What does warm/cool light mean? It’s simple – temperature (measured in Kelvins) is one of light’s features. Cooler lights appear to be bluish (similar to clear sky daylight), while warmer ones fall into the yellow-orangish category (think candlelight). At first, this might be confusing as in the light’s case, the higher the temperature goes, the cooler it gets.
- <1900K – candlelight,
- 2700K – warm, yellowish light emitted by dim bulbs,
- 4000K – neutral white,
- 6500K – daylight (overcast sky).
Any fixture meant for outdoor use should be able to withstand harsh weather conditions. Therefore, you should pay attention to its IP (Ingress Protection) rating. Those two numbers inform us on how good it’s protected against solid objects (first number that goes from 0 to 6) and moisture (second – up to 8).
The absolute minimum IP rating for landscape lighting is 44 – the lamps won’t get penetrated by objects >1 mm and are splashproof. The optimal option would be IP65 – it’s sufficient for anything that British weather can concoct. The waterproofing of 5+ is only needed when there’s an excess of water or if you plan to put the light in a pond. So lamps with that rating aren’t that common.
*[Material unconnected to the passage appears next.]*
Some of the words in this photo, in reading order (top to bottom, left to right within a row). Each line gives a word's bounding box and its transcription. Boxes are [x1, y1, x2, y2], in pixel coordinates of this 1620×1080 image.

alt=”Stake Lights In A Flowerbed”
Outdoor lighting – ideas and inspirations
Now that we’ve taken care of the theory part, let’s look into some practical tips on landscape lighting tips.
Blend the lights with their surroundings
Especially string and stake lights are easy to weave into the scenery – their soft glow will add some dreamy vibes to your outdoor room. If you think that standard stake light won’t match your vision, reach for something less obvious. For example, if you want to preserve the natural look of your flowerbed or rockery, try some stone-shaped LED lights – a glowing rock will surely attract attention to it. String lights can be easily strung on a tree or a hedge – if you add some colour to it, you can create a truly magical patch of space.
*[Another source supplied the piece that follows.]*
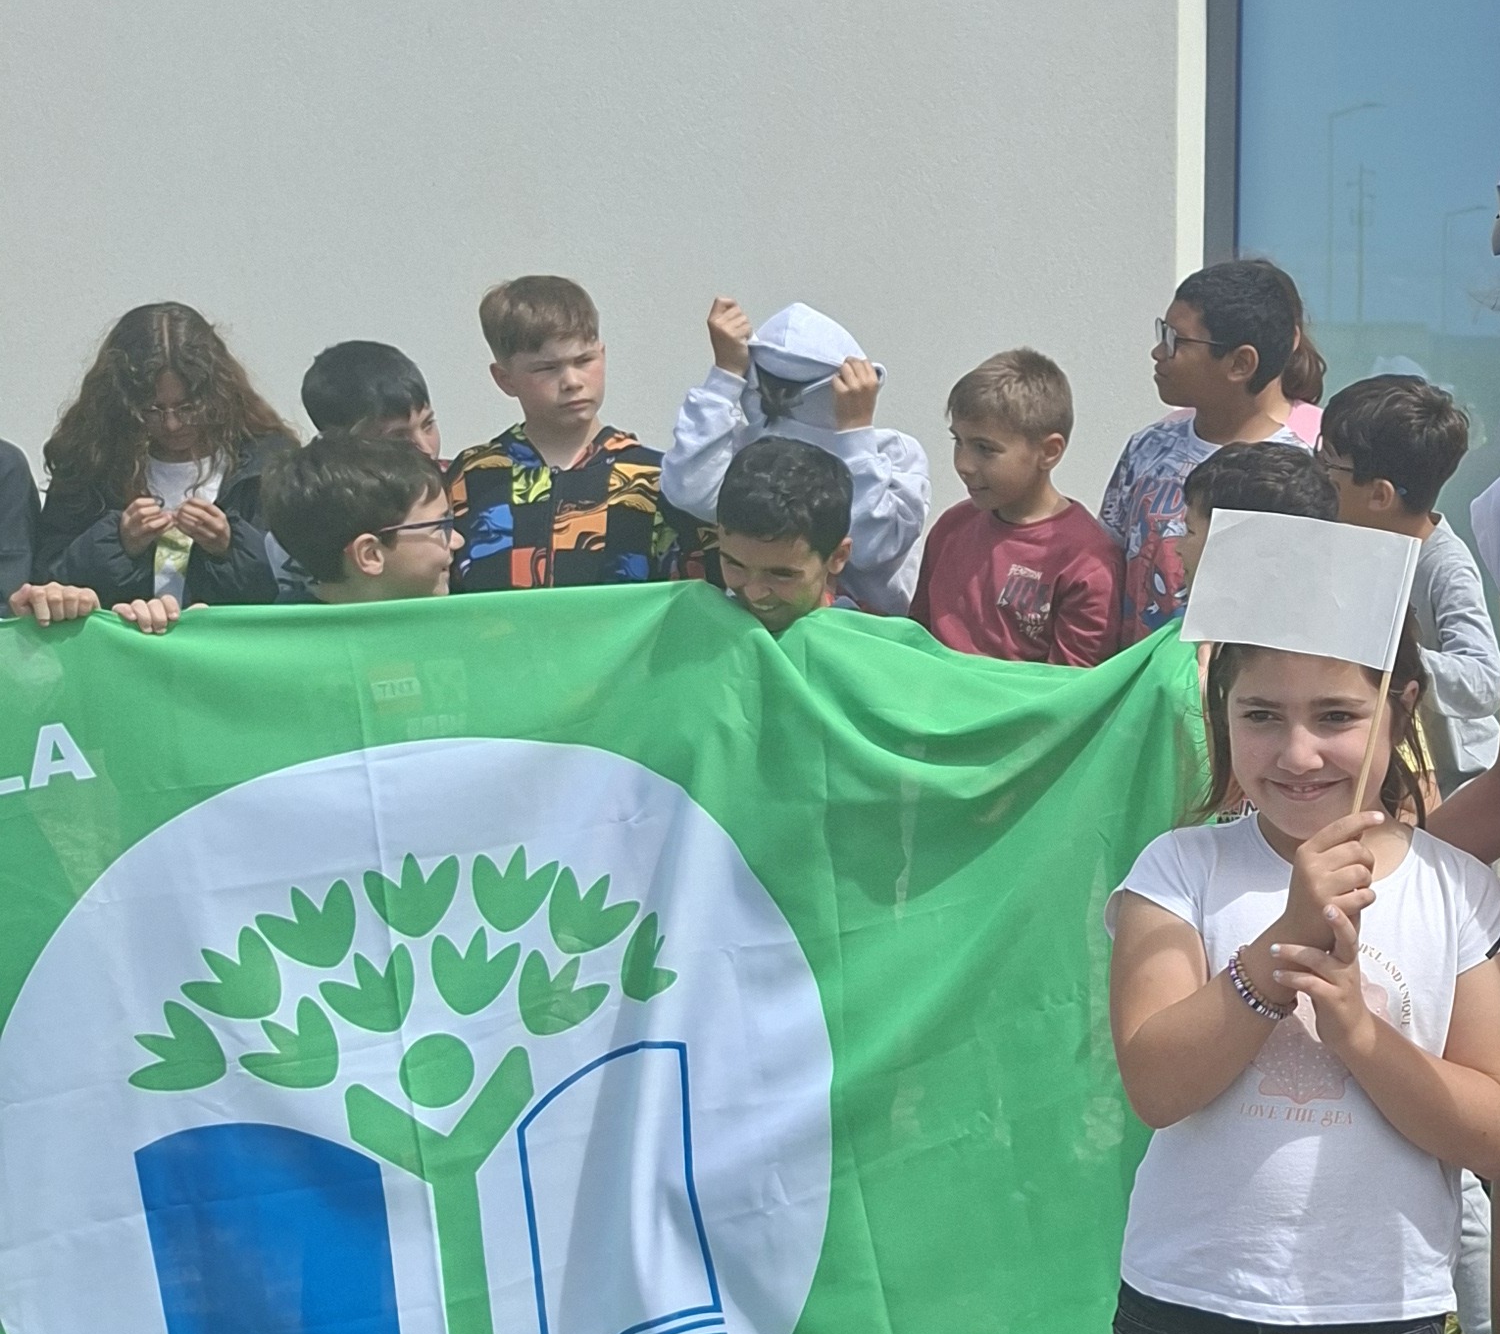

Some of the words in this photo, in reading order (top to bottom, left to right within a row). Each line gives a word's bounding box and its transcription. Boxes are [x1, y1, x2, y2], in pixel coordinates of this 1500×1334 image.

[1383, 961, 1403, 983] AND
[1239, 1102, 1280, 1120] LOVE
[1284, 1106, 1318, 1123] THE
Are you a proud owner of a tall gazebo or a tree with extensive canopy? Add a few garlands of string lights to it to emphasize how majestic it is! This will not only decorate it, but also create a cascading lighting effect for bonus style points.
Using the same fixtures or lighting effects all across the garden is a straight path to dull out the experience. Try experimenting with various options to find the ones that’ll work well with a given zone. But beware, as variety is a double-edged sword – it’s rather easy to overdo it and cram too much into small spaces. Stick to max 2-3 effects per zone to avoid light pollution.
Illuminate bodies of water
Light reflecting on the water’s surface can be used for mirroring images. So, a well-placed lamp will not only prevent unplanned baths, but also help in creating interesting visuals.
Improve your garden with LED lights
Outdoor lighting came a long way in the past few years – it stopped being purely functional feature and became a great decorating tool. Currently, LEDs are the best available option for lighting up your yard – they consume far less energy than halogen and incandescent lights and are far more long-lived. Despite being low-voltage lighting, LEDs can get really bright. Many LED bulbs also offer RGB options, enabling you to change their colour practically on a whim. So, if you want to improve your outdoor lighting, you should definitely go LED!